Inflammatory mediator sustains SLE T cells

drj writes "Self-reactive antibodies are a hallmark of systemic lupus erythematosus (SLE, lupus), a life-threatening autoimmune disease that disproportionately affects women in their child bearing years. Production of these antibodies is driven by autoreactive T cells that are normally eliminated but persist in SLE patients. Xu and colleagues compared the activities of thousands of genes in the T cells of SLE patients and normal controls. They found that stimulatory conditions that caused normal T cells to be eliminated instead caused SLE T cells to increase their expression of cyclooxygenase-2 (COX-2) and survive.
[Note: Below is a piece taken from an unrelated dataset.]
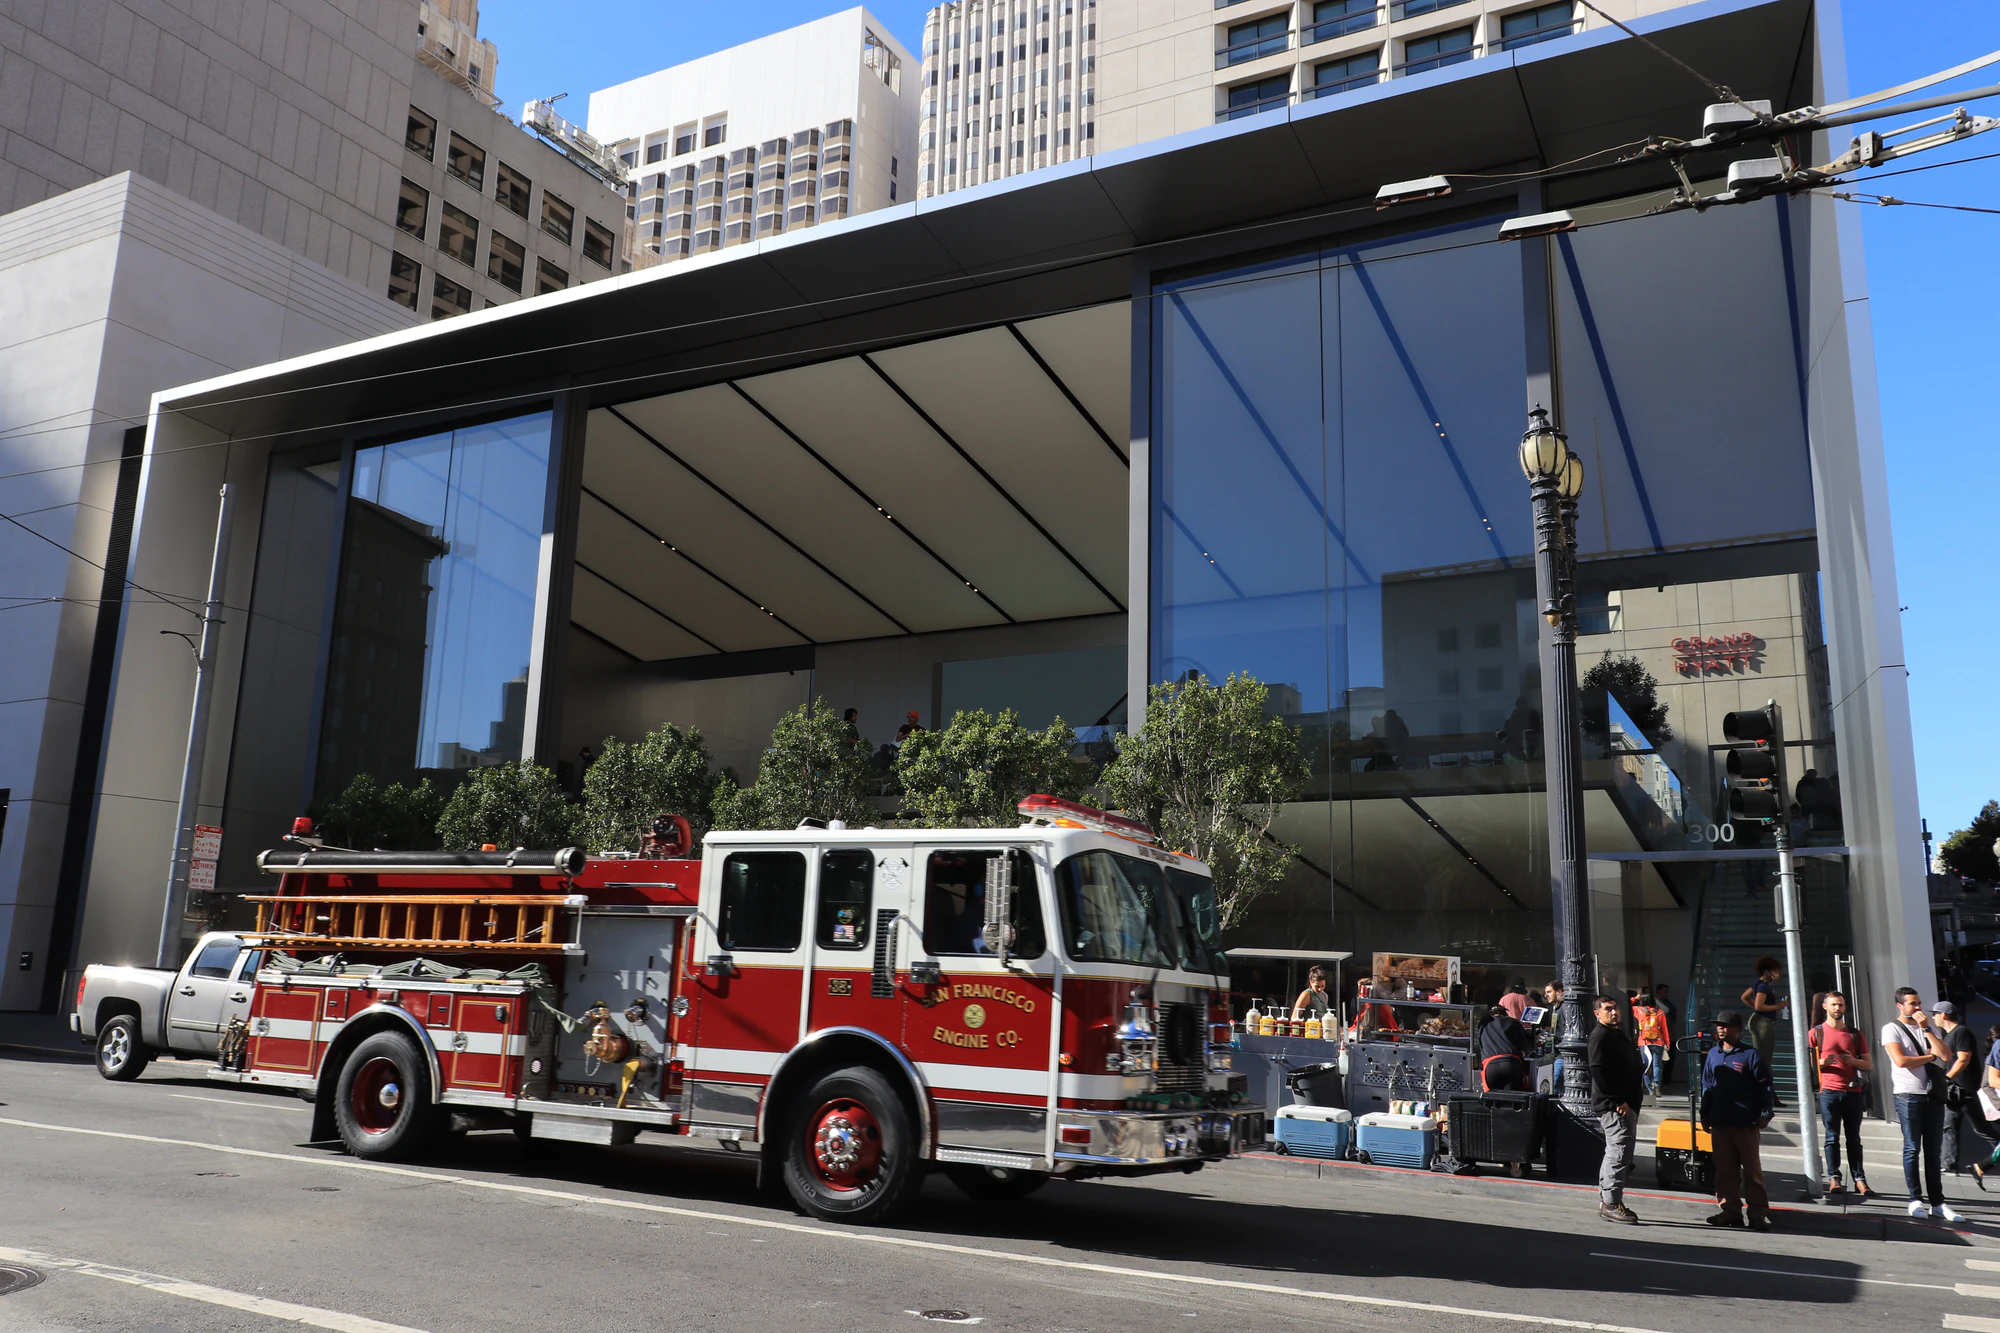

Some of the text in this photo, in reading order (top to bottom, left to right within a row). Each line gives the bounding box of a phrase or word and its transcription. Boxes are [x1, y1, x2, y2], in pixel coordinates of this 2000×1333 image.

Moreover, inhibiting COX-2 activity reversed the abnormal resistance of SLE T cells. The increased COX-2 was specific to SLE T cells and did not occur in T cells from other autoimmune diseases or cancer cells. Certain COX-2 inhibitors but not others were able to restore normal responses to SLE T cells, providing a rational basis for the use of these drugs for therapy and suggesting approaches to designing more potent and specific therapeutic drugs for use in SLE.
PubMed Xu et al, Nat. Med. February 29, 2004. L, Zhang L, Yi Y, Kang HK, Datta SK. "Human lupus T cells resist inactivation and escape death by upregulating COX-2". Nature Medicine February 29, 2004"

1 comment:

Reuel said...

The Remuzzi group reported increased COX-2 in patients with active lupus nephritis [nih.gov] in 1998 and they demonstrated therapeutic effects of COX-2 inhibitors [nih.gov] in 2001 (in mice).

There are numerous numerous clinical trials [clinicaltrials.gov] studying cyclooxygenase (11) and lupus (26) but none studying Cox-2 in lupus. Have Cox-2 inhibitors been used therapeutically?